The result should be an exact copy of the entries that follow, with no pictures included.
---- Source data
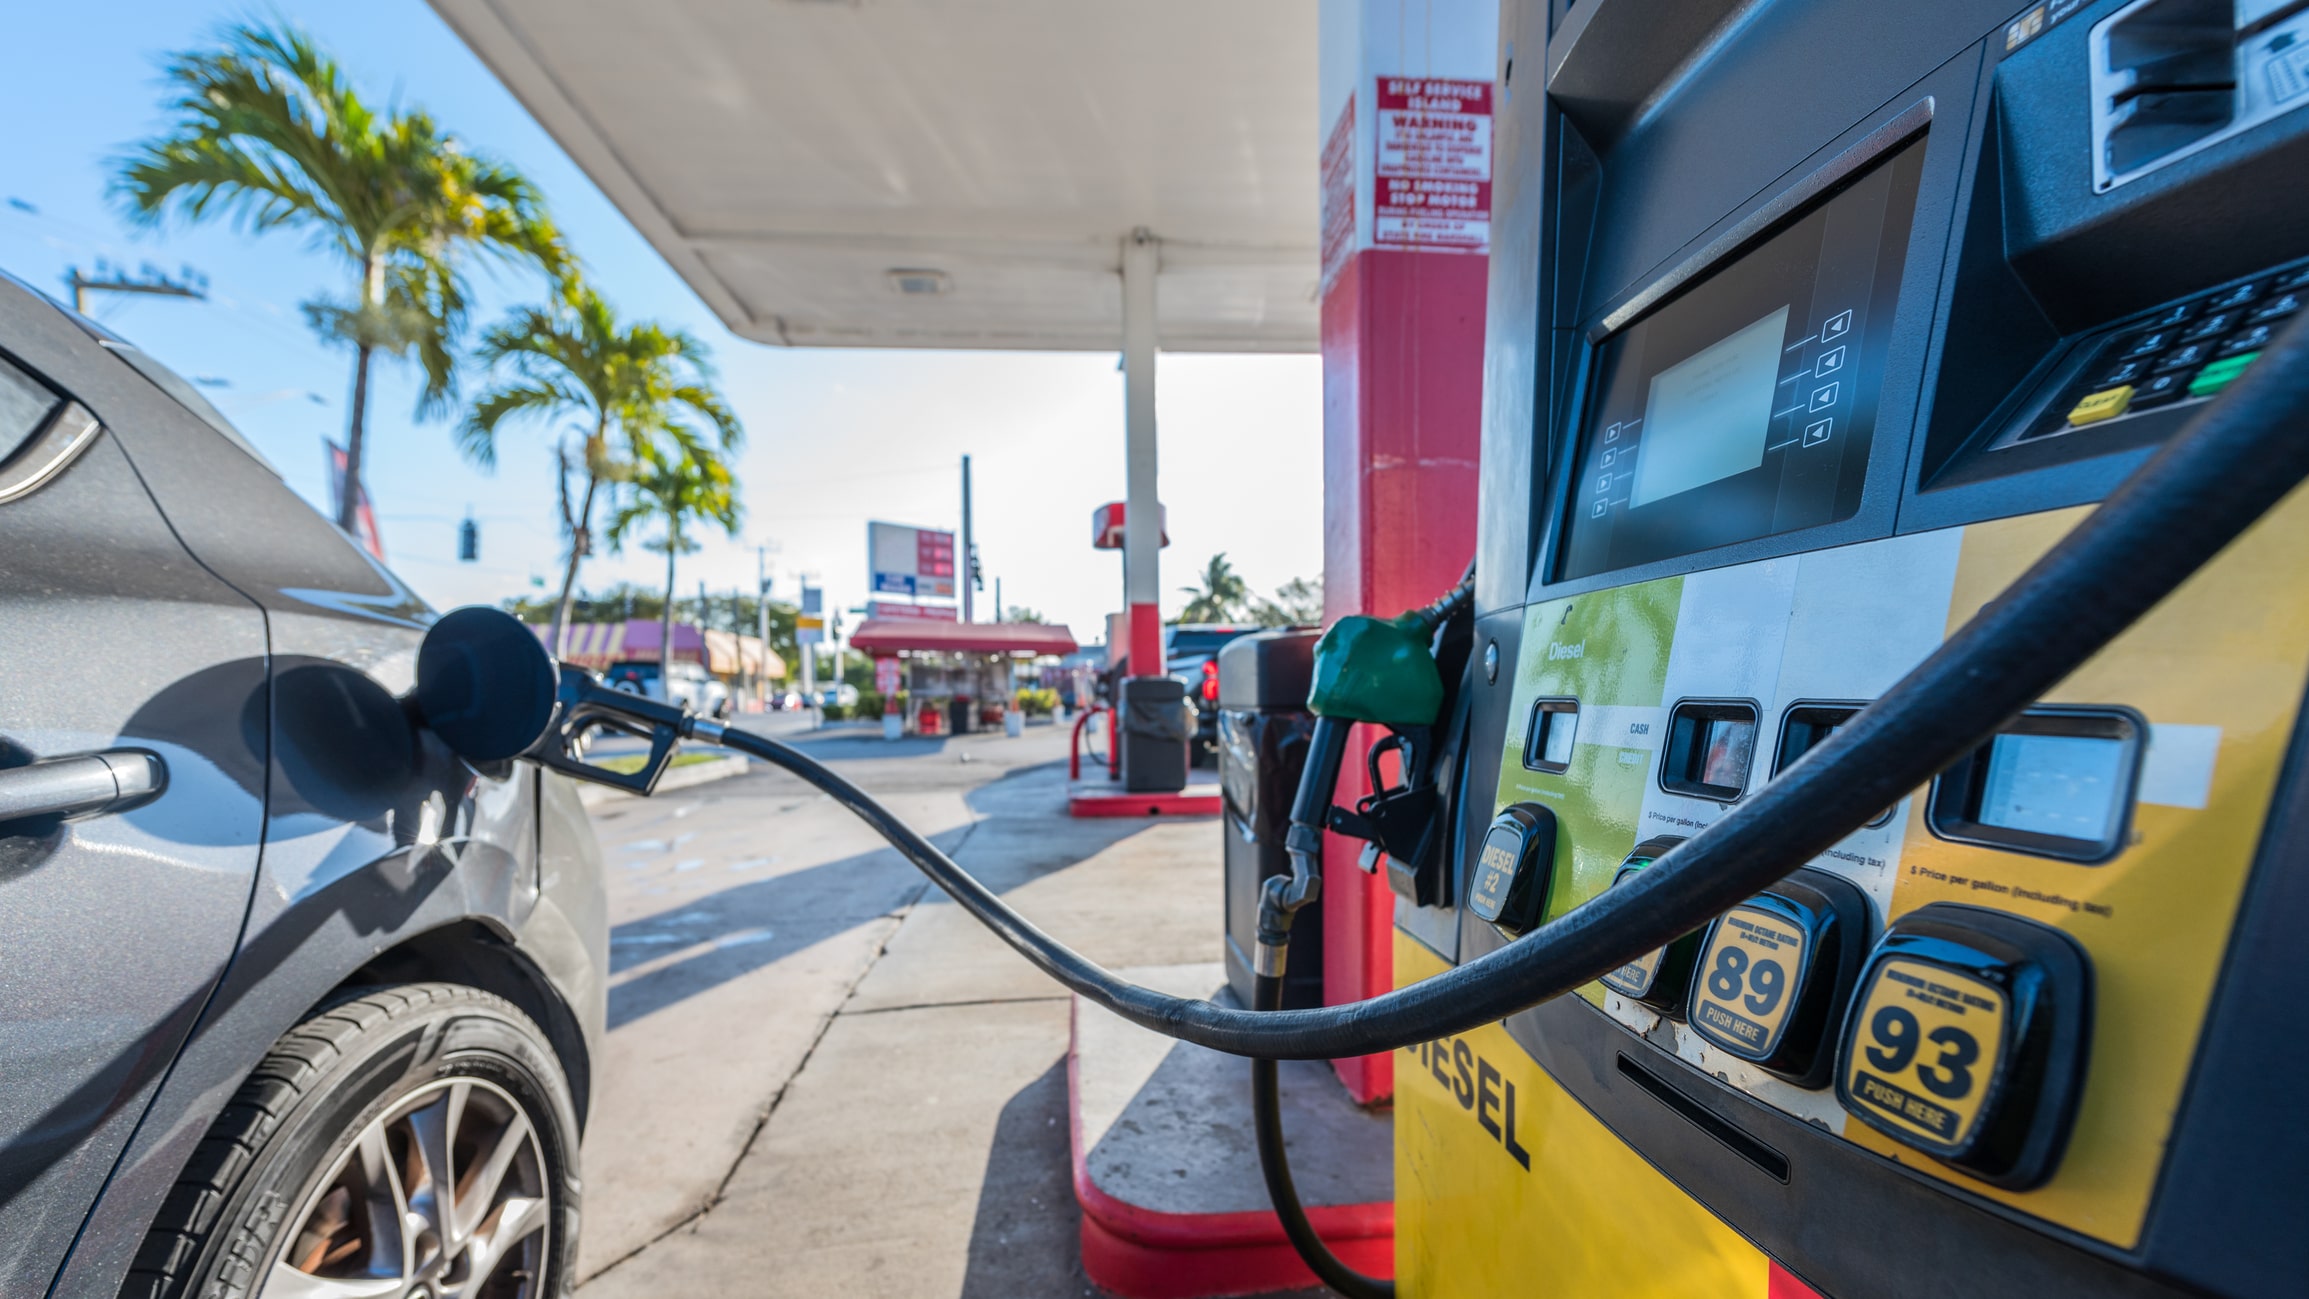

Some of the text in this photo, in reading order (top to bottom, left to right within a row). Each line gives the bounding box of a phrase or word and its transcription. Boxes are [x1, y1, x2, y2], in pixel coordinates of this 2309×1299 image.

[1424, 81, 1482, 100] SERVICE
[1408, 98, 1462, 112] ISLAND
[1393, 117, 1477, 132] WARNING
[1388, 179, 1479, 196] NO SMOKING
[1389, 192, 1477, 209] STOP MOTOR
[1549, 640, 1586, 660] Diesel
[1630, 723, 1649, 735] CASH
[1618, 751, 1644, 765] CREDIT
[1652, 812, 1667, 822] Price
[1676, 818, 1694, 828] gallon
[1482, 844, 1516, 876] DIESEL
[1484, 871, 1500, 894] #2
[1919, 866, 1947, 882] Price
[1949, 873, 1969, 886] per
[1971, 878, 2009, 894] gallon
[1754, 924, 1777, 940] OCTANE
[1708, 945, 1785, 1017] 89
[1706, 1006, 1760, 1042] PUSH HERE
[1865, 1005, 1981, 1102] 93
[1405, 1036, 1530, 1174] ESEL
[1863, 1079, 1947, 1131] PUSH HERE
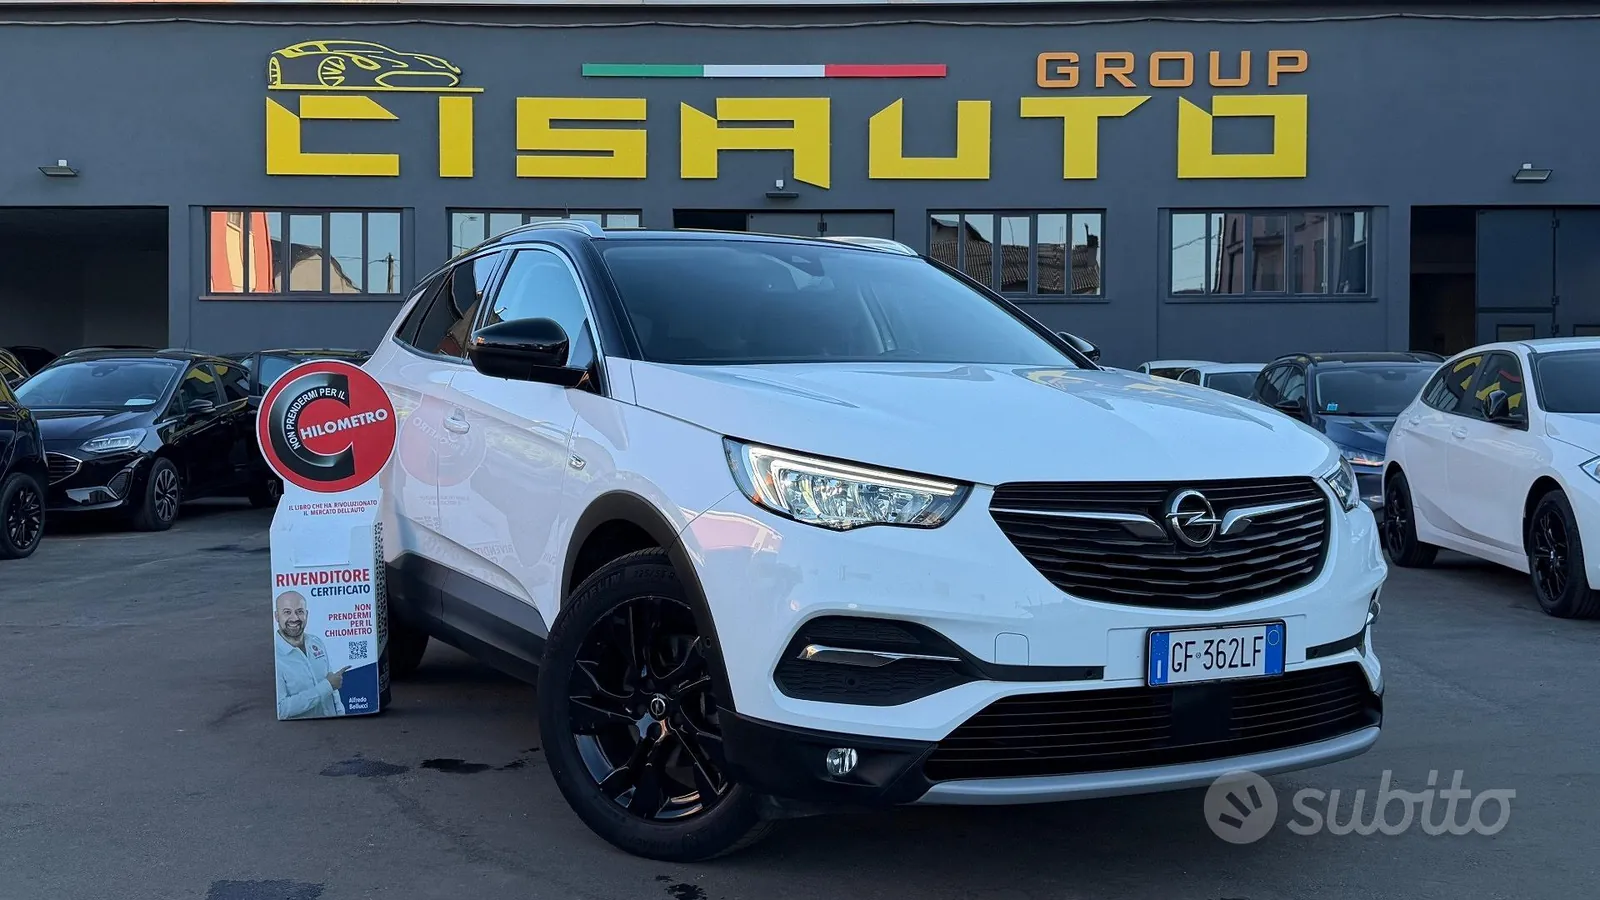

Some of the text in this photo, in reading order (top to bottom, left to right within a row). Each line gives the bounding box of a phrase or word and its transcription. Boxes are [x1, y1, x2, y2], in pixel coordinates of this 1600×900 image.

[1036, 50, 1308, 88] GROUP
[266, 94, 1307, 189] CISAUTO
[286, 387, 346, 450] NON PRENDERMI PER IL
[334, 499, 378, 508] RIVOLUZIONATO
[276, 568, 370, 587] RIVENDITORE
[310, 584, 371, 597] CERTIFICATO
[354, 603, 372, 611] NON
[328, 611, 372, 621] PRENDERMI
[365, 619, 372, 627] IL
[324, 627, 373, 638] CHILOMETRO
[1172, 636, 1264, 673] GF 362LF
[349, 702, 369, 710] Bellucci
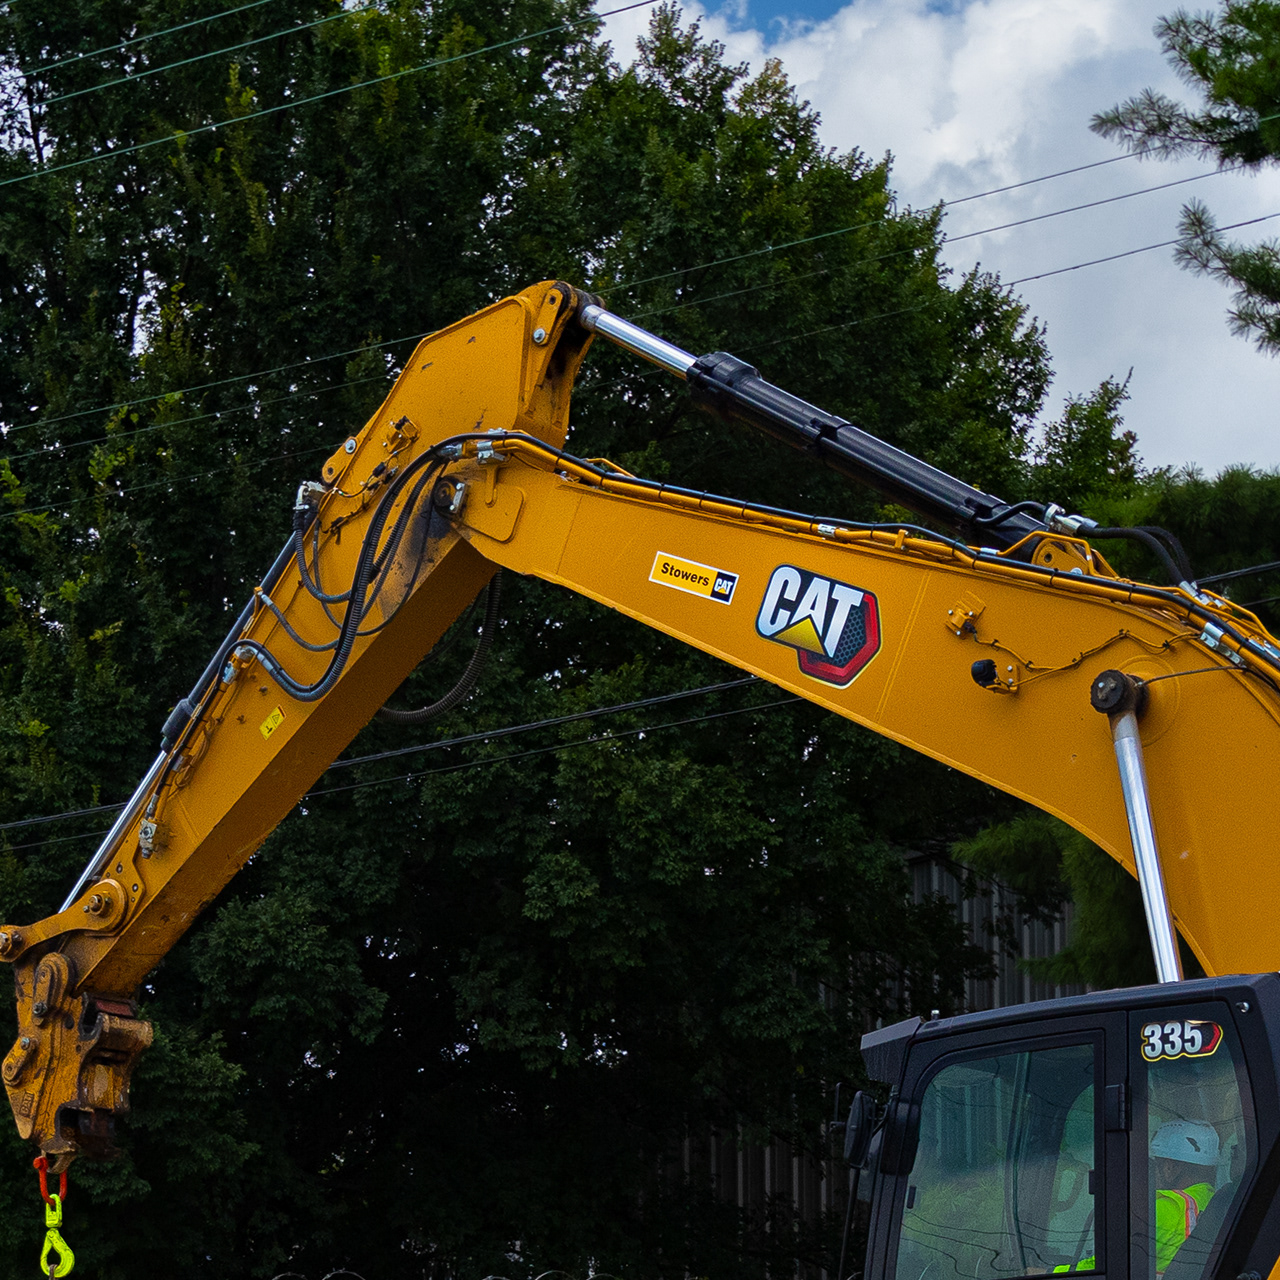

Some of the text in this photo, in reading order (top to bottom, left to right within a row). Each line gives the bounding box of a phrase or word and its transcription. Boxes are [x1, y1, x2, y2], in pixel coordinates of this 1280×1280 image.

[661, 562, 733, 595] Stowers CAT
[758, 565, 865, 658] CAT
[1144, 1021, 1202, 1058] 335
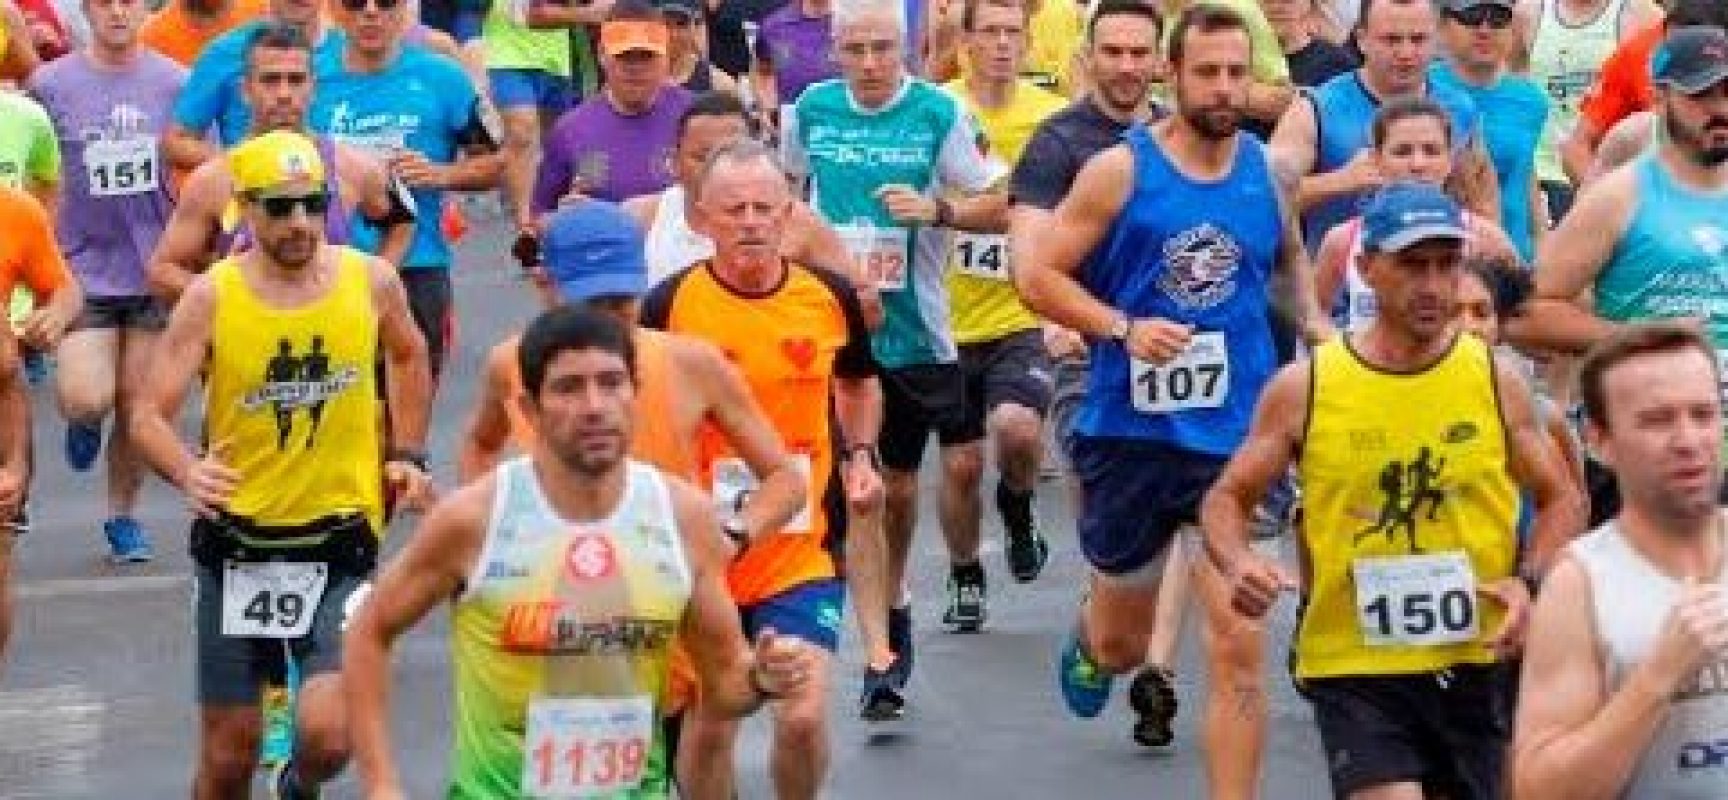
--------
Solution to this task:
Some of the text in this photo, in reading order (top to bottom, left to right within a row). Each line gives the bounding box of a phrase or word and its transcription. Boxes are [x1, y1, x2, y2], in pixel coordinates of this 2309×1299 image.

[1424, 81, 1482, 100] SERVICE
[1408, 98, 1462, 112] ISLAND
[1393, 117, 1477, 132] WARNING
[1388, 179, 1479, 196] NO SMOKING
[1389, 192, 1477, 209] STOP MOTOR
[1549, 640, 1586, 660] Diesel
[1630, 723, 1649, 735] CASH
[1618, 751, 1644, 765] CREDIT
[1652, 812, 1667, 822] Price
[1676, 818, 1694, 828] gallon
[1482, 844, 1516, 876] DIESEL
[1484, 871, 1500, 894] #2
[1919, 866, 1947, 882] Price
[1949, 873, 1969, 886] per
[1971, 878, 2009, 894] gallon
[1754, 924, 1777, 940] OCTANE
[1708, 945, 1785, 1017] 89
[1706, 1006, 1760, 1042] PUSH HERE
[1865, 1005, 1981, 1102] 93
[1405, 1036, 1530, 1174] ESEL
[1863, 1079, 1947, 1131] PUSH HERE

Some of the text in this photo, in reading order (top to bottom, left to right within a row). Each line gives the bounding box of a phrase or word and its transcription. Boxes are [x1, y1, x2, y2], in pixel coordinates of this 1600×900 image.

[1036, 50, 1308, 88] GROUP
[266, 94, 1307, 189] CISAUTO
[286, 387, 346, 450] NON PRENDERMI PER IL
[334, 499, 378, 508] RIVOLUZIONATO
[276, 568, 370, 587] RIVENDITORE
[310, 584, 371, 597] CERTIFICATO
[354, 603, 372, 611] NON
[328, 611, 372, 621] PRENDERMI
[365, 619, 372, 627] IL
[324, 627, 373, 638] CHILOMETRO
[1172, 636, 1264, 673] GF 362LF
[349, 702, 369, 710] Bellucci

Some of the text in this photo, in reading order (top to bottom, left to right within a row). Each line gives the bounding box of a phrase or word and its transcription. Boxes are [x1, y1, x2, y2], in pixel coordinates of this 1280×1280 image.

[661, 562, 733, 595] Stowers CAT
[758, 565, 865, 658] CAT
[1144, 1021, 1202, 1058] 335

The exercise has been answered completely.